* **Material provided**
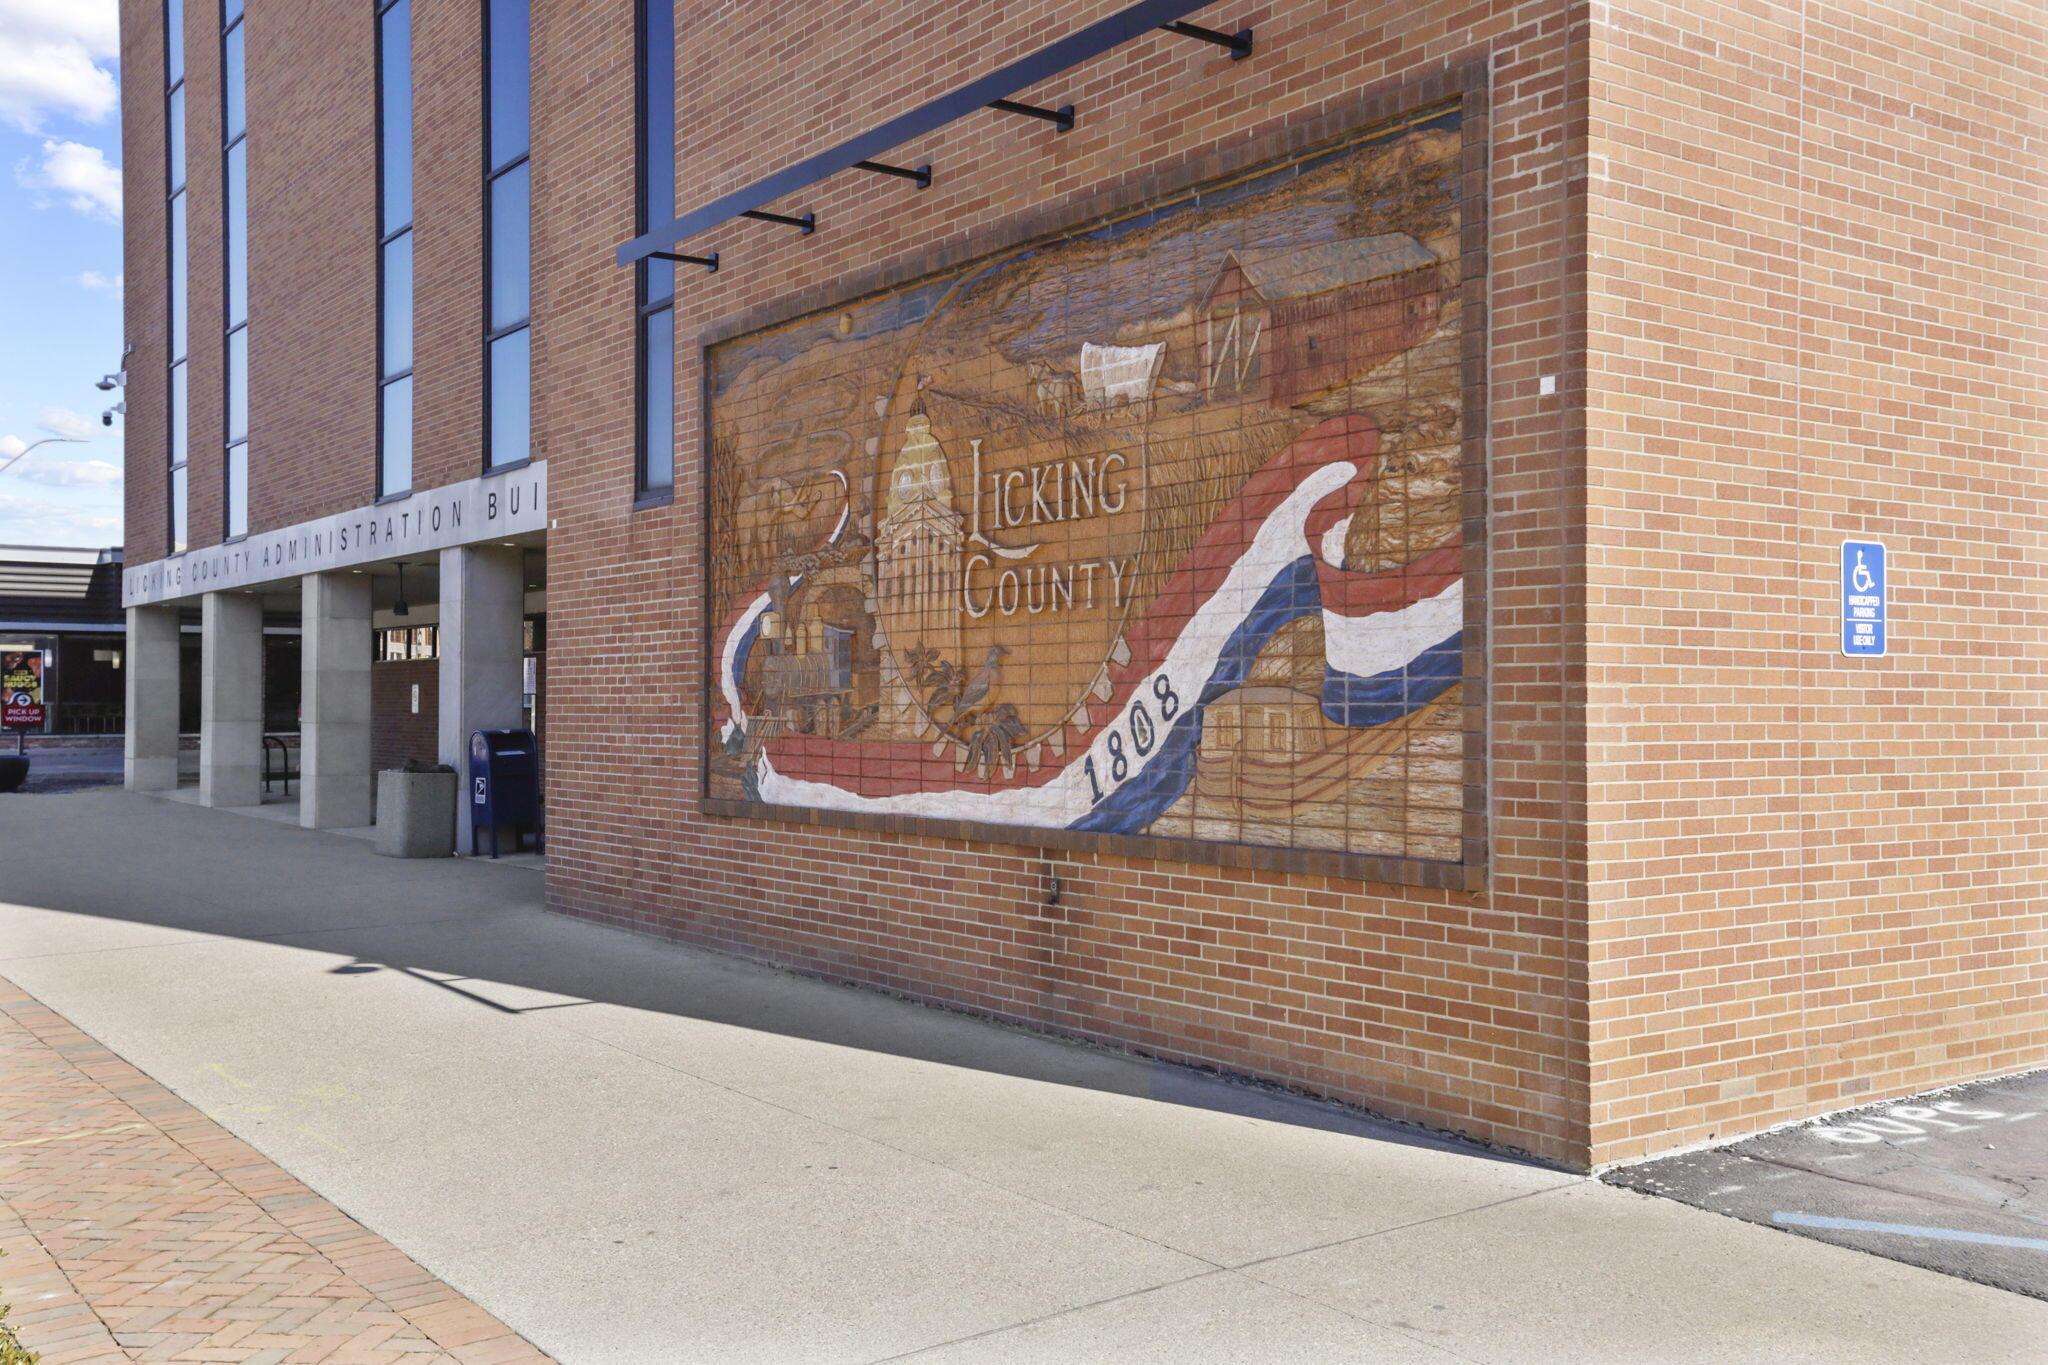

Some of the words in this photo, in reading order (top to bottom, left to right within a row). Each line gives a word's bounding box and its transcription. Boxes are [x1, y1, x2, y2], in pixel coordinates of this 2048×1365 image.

[129, 567, 182, 596] LICKING
[192, 551, 250, 582] COUNTY
[263, 500, 462, 568] ADMINISTRATION
[488, 482, 538, 521] BUI
[969, 438, 1127, 560] LICKING
[964, 554, 1127, 618] COUNTY
[1853, 607, 1876, 618] PARKING
[1084, 673, 1179, 806] 1808
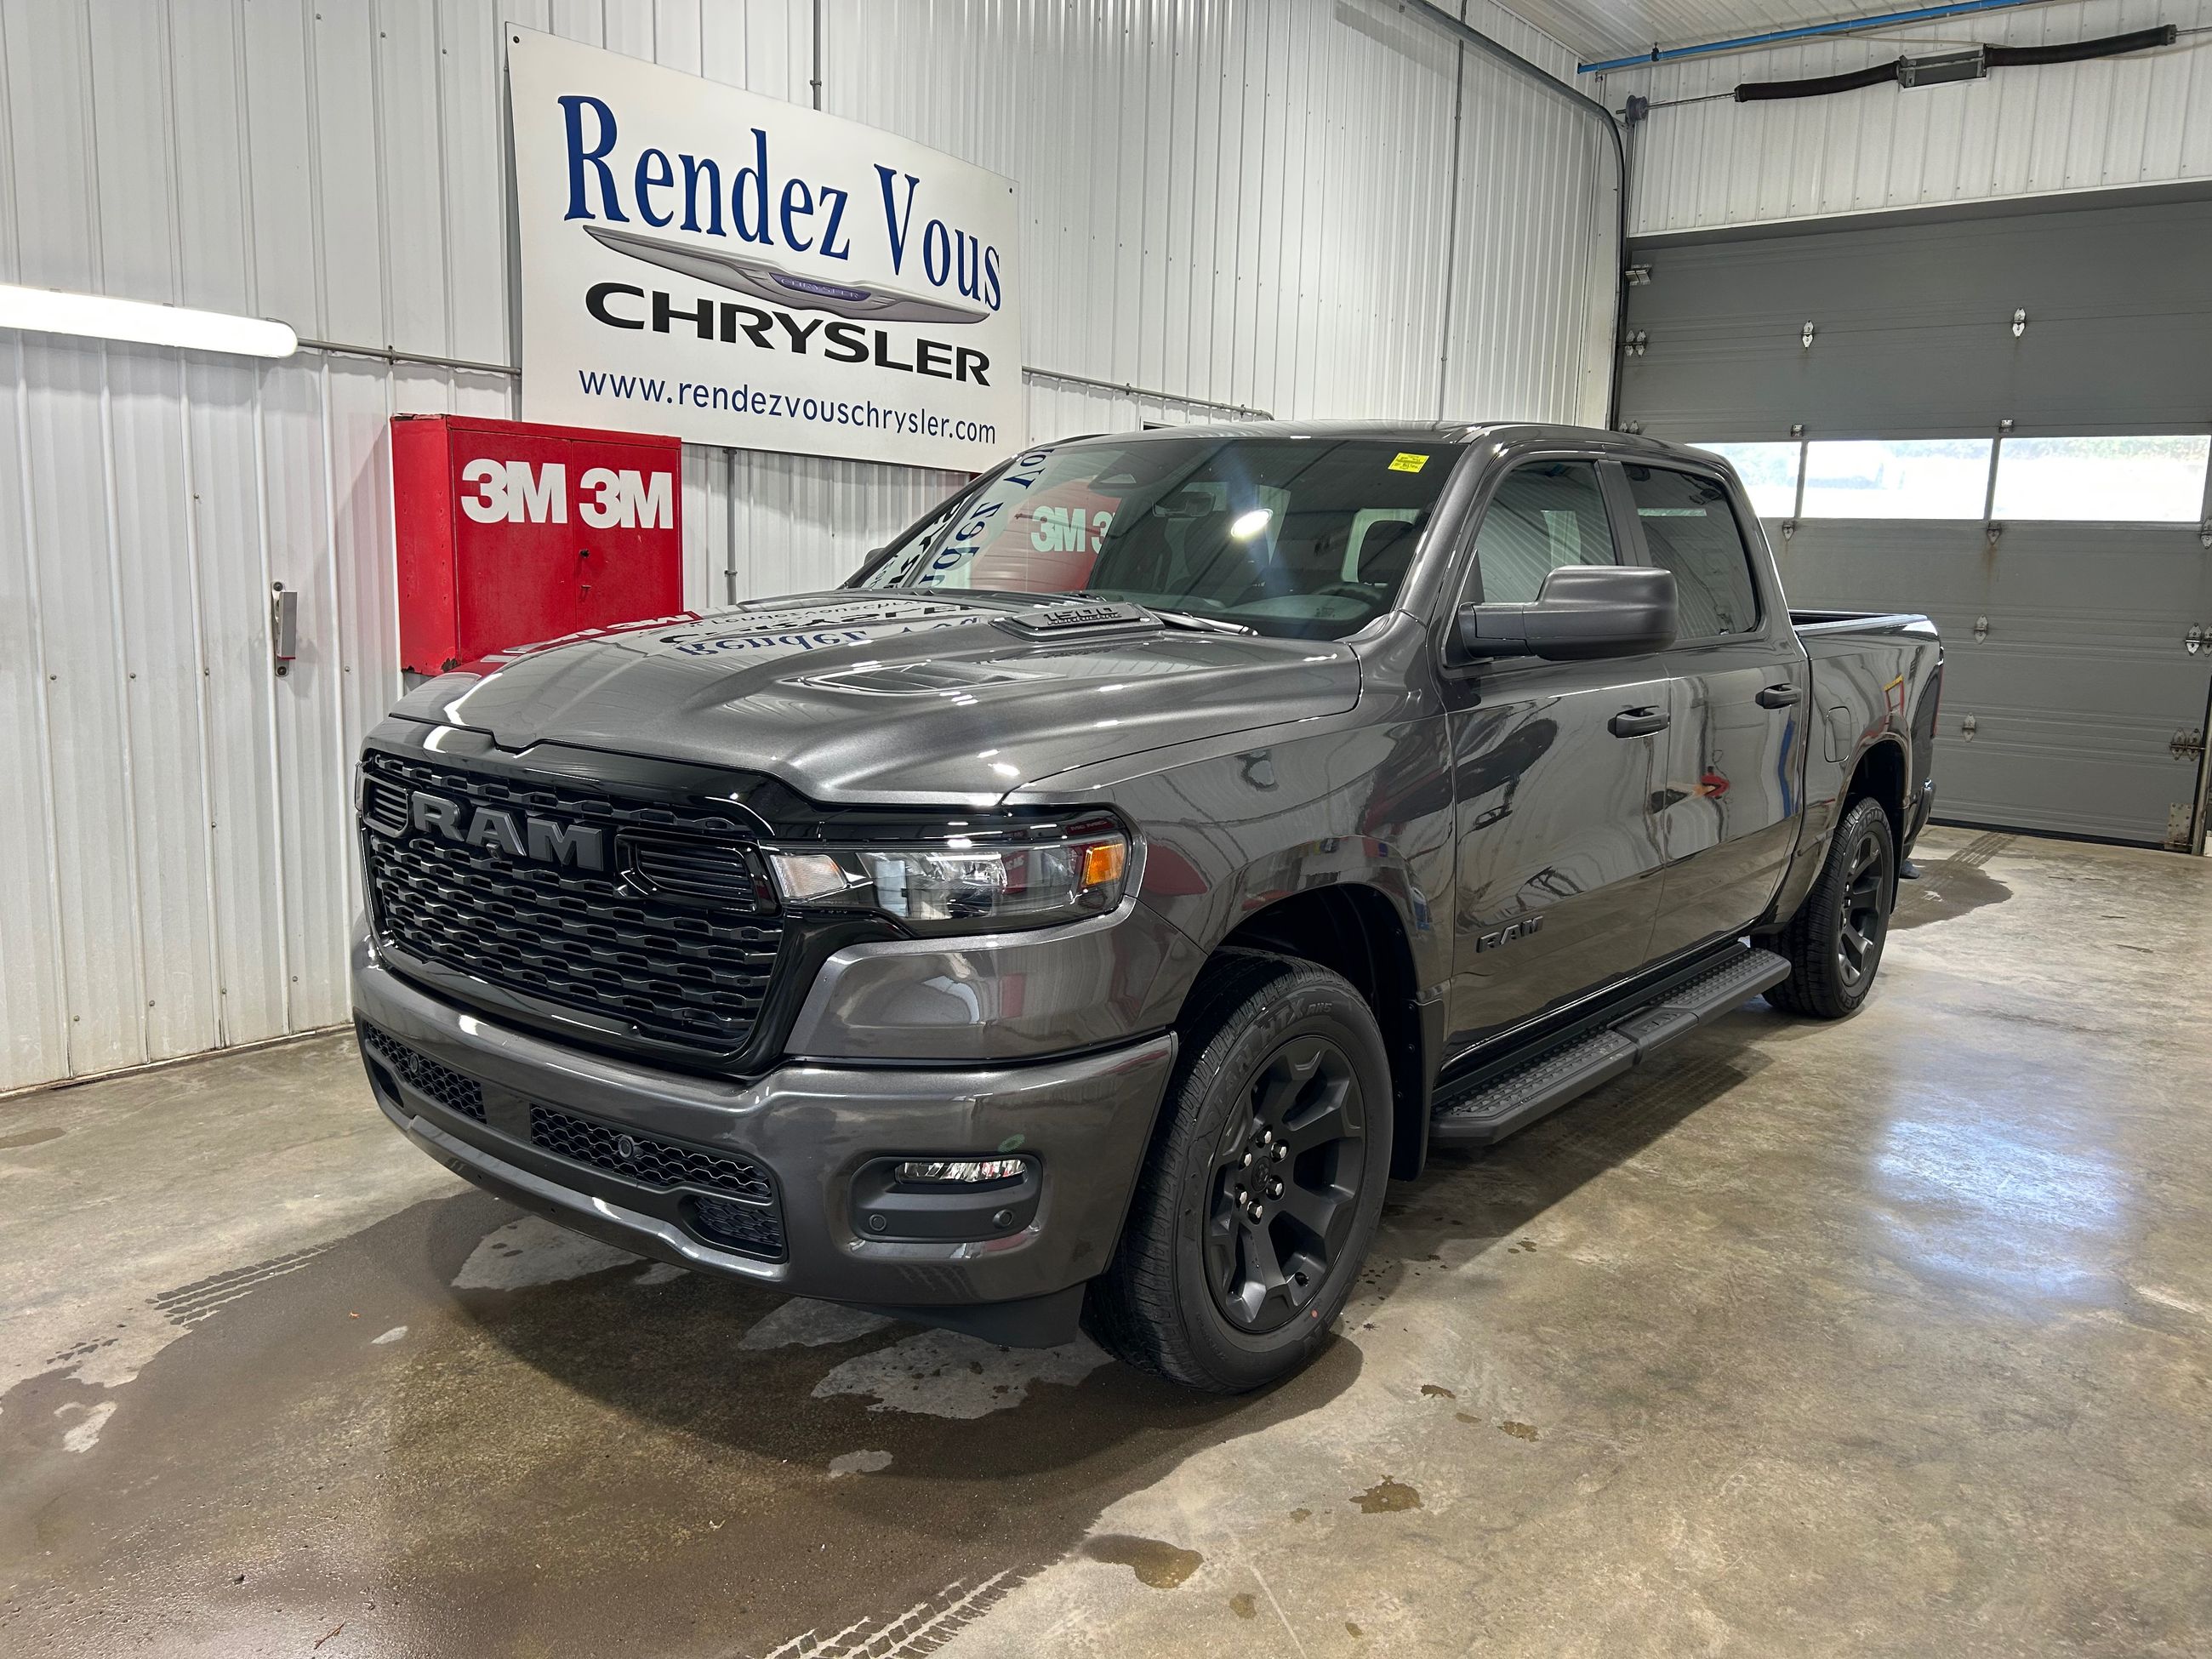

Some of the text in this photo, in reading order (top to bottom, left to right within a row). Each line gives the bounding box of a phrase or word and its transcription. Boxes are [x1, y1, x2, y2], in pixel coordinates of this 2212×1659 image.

[557, 94, 1002, 312] Rendez Vous
[585, 282, 991, 387] CHRYSLER
[579, 369, 996, 445] www.rendezvouschrysler.com
[460, 458, 674, 529] 3M 3M
[1030, 505, 1116, 554] 3M 3
[412, 790, 605, 871] RAM
[1476, 915, 1544, 953] RAM

* **What the exercise asks**
All lines from the one with "Some of the text" to the end of the listing are to be printed exactly as given, both ends included.

* **Answer to this task**
Some of the text in this photo, in reading order (top to bottom, left to right within a row). Each line gives the bounding box of a phrase or word and its transcription. Boxes are [x1, y1, x2, y2], in pixel coordinates of this 2212×1659 image.

[557, 94, 1002, 312] Rendez Vous
[585, 282, 991, 387] CHRYSLER
[579, 369, 996, 445] www.rendezvouschrysler.com
[460, 458, 674, 529] 3M 3M
[1030, 505, 1116, 554] 3M 3
[412, 790, 605, 871] RAM
[1476, 915, 1544, 953] RAM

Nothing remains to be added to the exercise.